### WORK REQUEST
Every record below should be written out exactly; pictures stay out.

### INFORMATION SHOWN
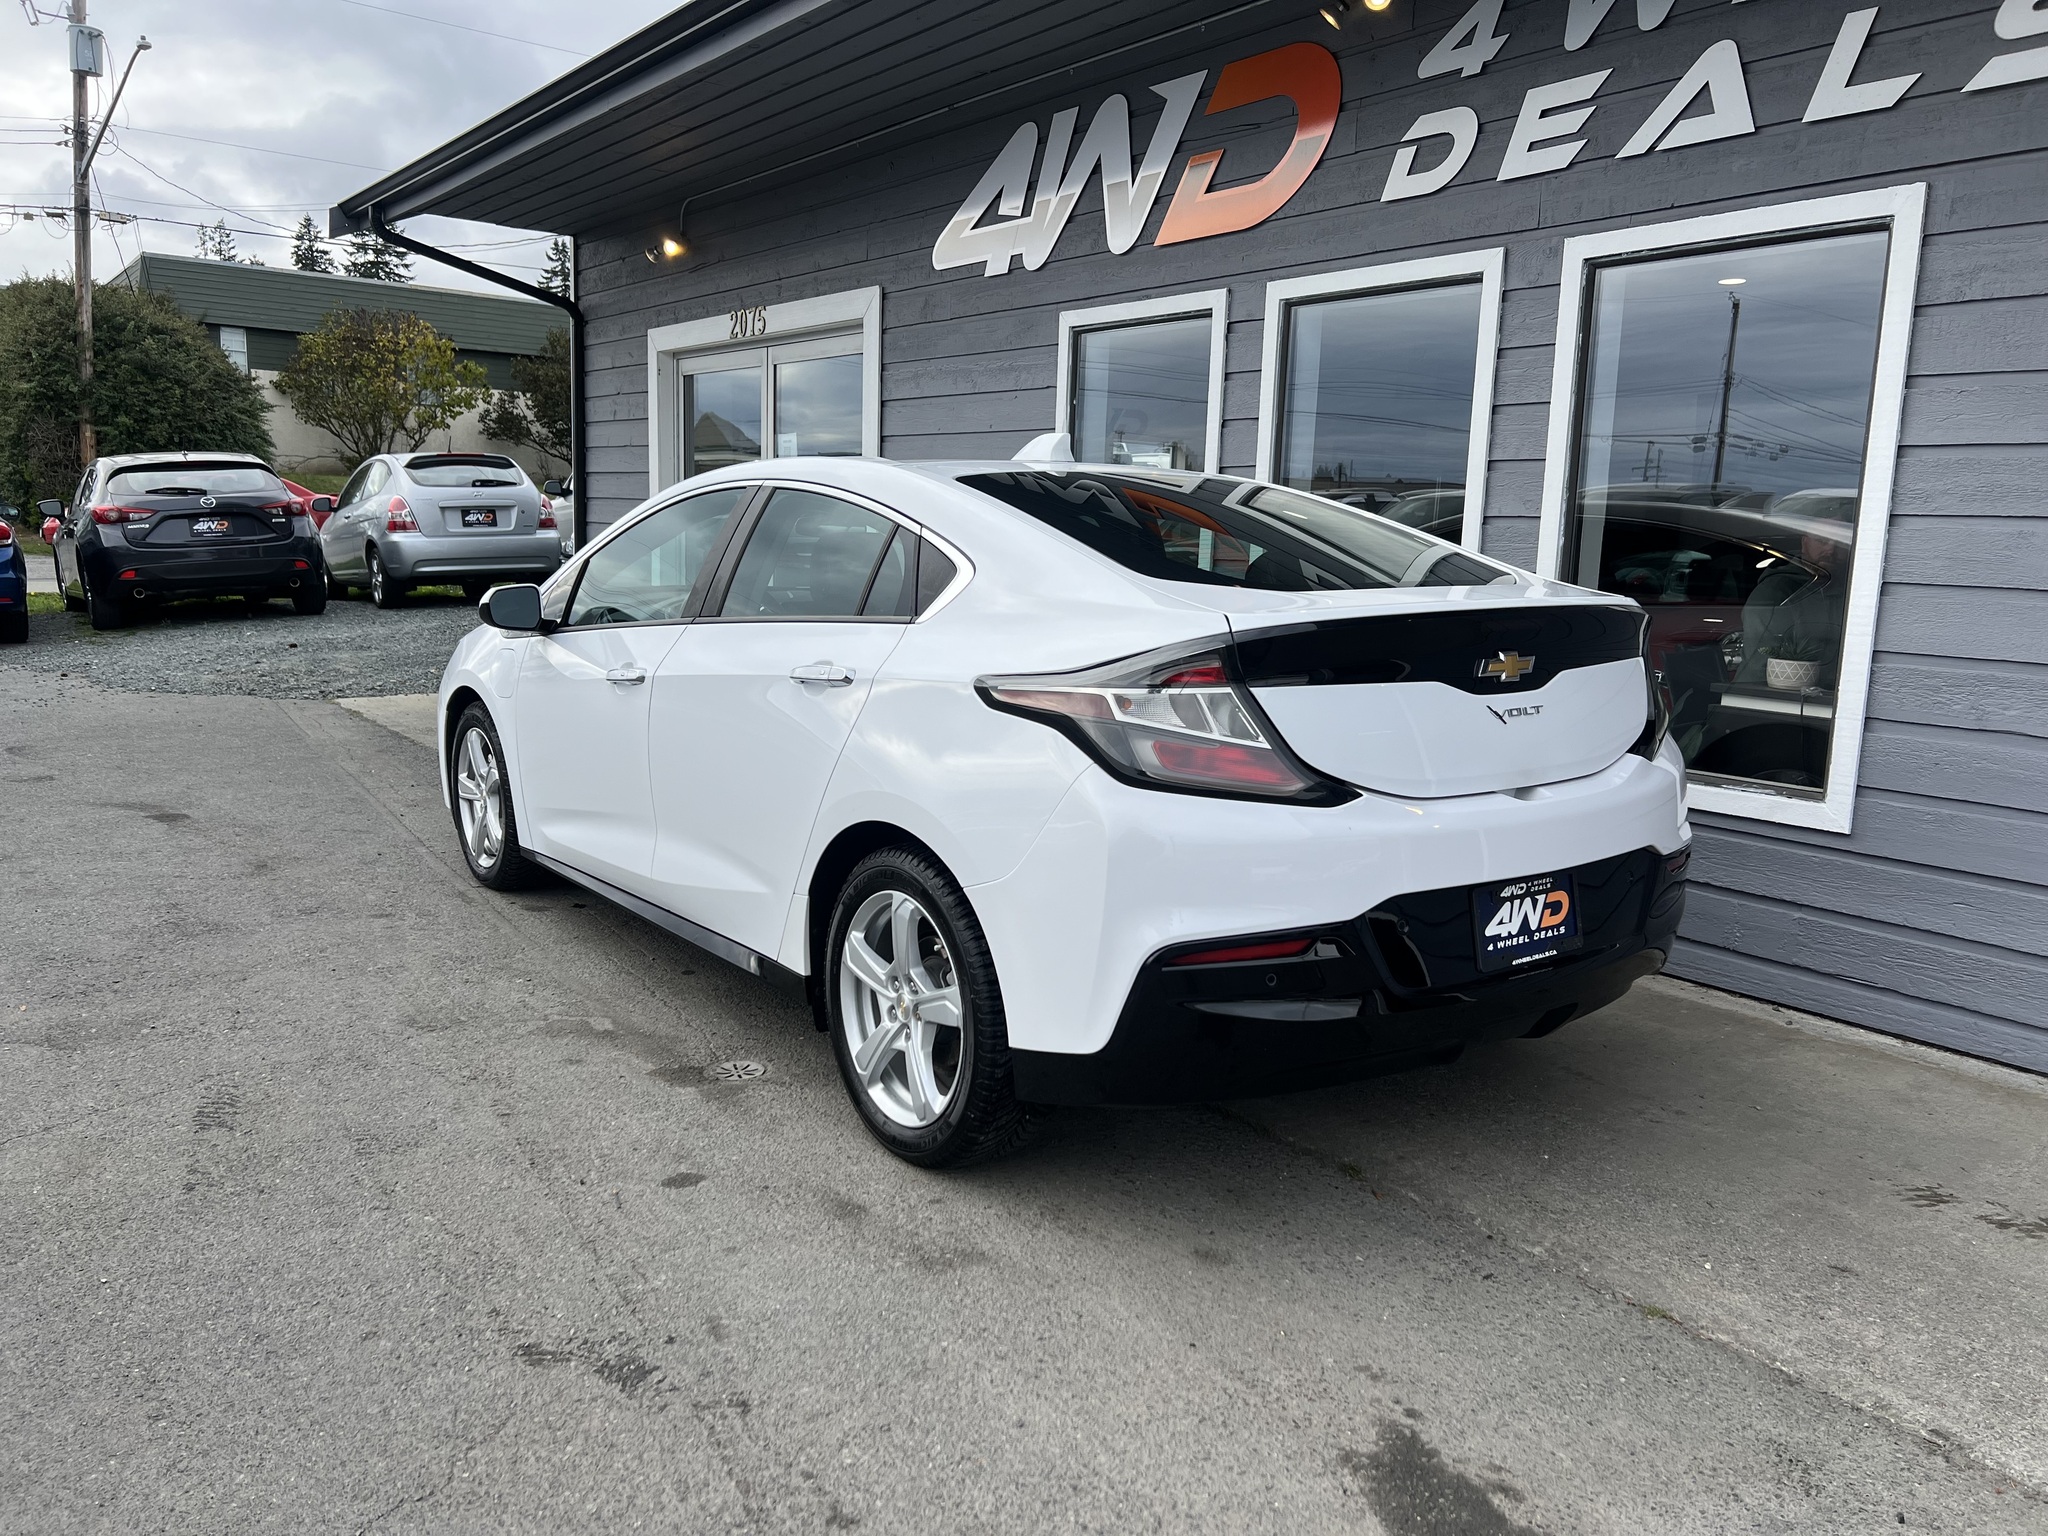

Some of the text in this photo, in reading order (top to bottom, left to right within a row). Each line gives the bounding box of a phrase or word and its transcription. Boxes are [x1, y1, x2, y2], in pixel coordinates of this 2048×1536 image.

[1417, 0, 1511, 79] 4
[932, 42, 1342, 277] 4WD
[730, 305, 767, 339] 2075
[192, 520, 229, 530] 4WD
[464, 513, 494, 521] 4WD
[1486, 704, 1544, 725] VOLT
[1500, 882, 1527, 898] 4WD
[1530, 882, 1551, 892] DEALS
[1533, 877, 1553, 886] WHEEL
[1484, 890, 1570, 938] 4WD
[1487, 926, 1566, 951] 4 WHEEL DEALS

### ANSWER SECTION
Some of the text in this photo, in reading order (top to bottom, left to right within a row). Each line gives the bounding box of a phrase or word and its transcription. Boxes are [x1, y1, x2, y2], in pixel coordinates of this 2048×1536 image.

[1417, 0, 1511, 79] 4
[932, 42, 1342, 277] 4WD
[730, 305, 767, 339] 2075
[192, 520, 229, 530] 4WD
[464, 513, 494, 521] 4WD
[1486, 704, 1544, 725] VOLT
[1500, 882, 1527, 898] 4WD
[1530, 882, 1551, 892] DEALS
[1533, 877, 1553, 886] WHEEL
[1484, 890, 1570, 938] 4WD
[1487, 926, 1566, 951] 4 WHEEL DEALS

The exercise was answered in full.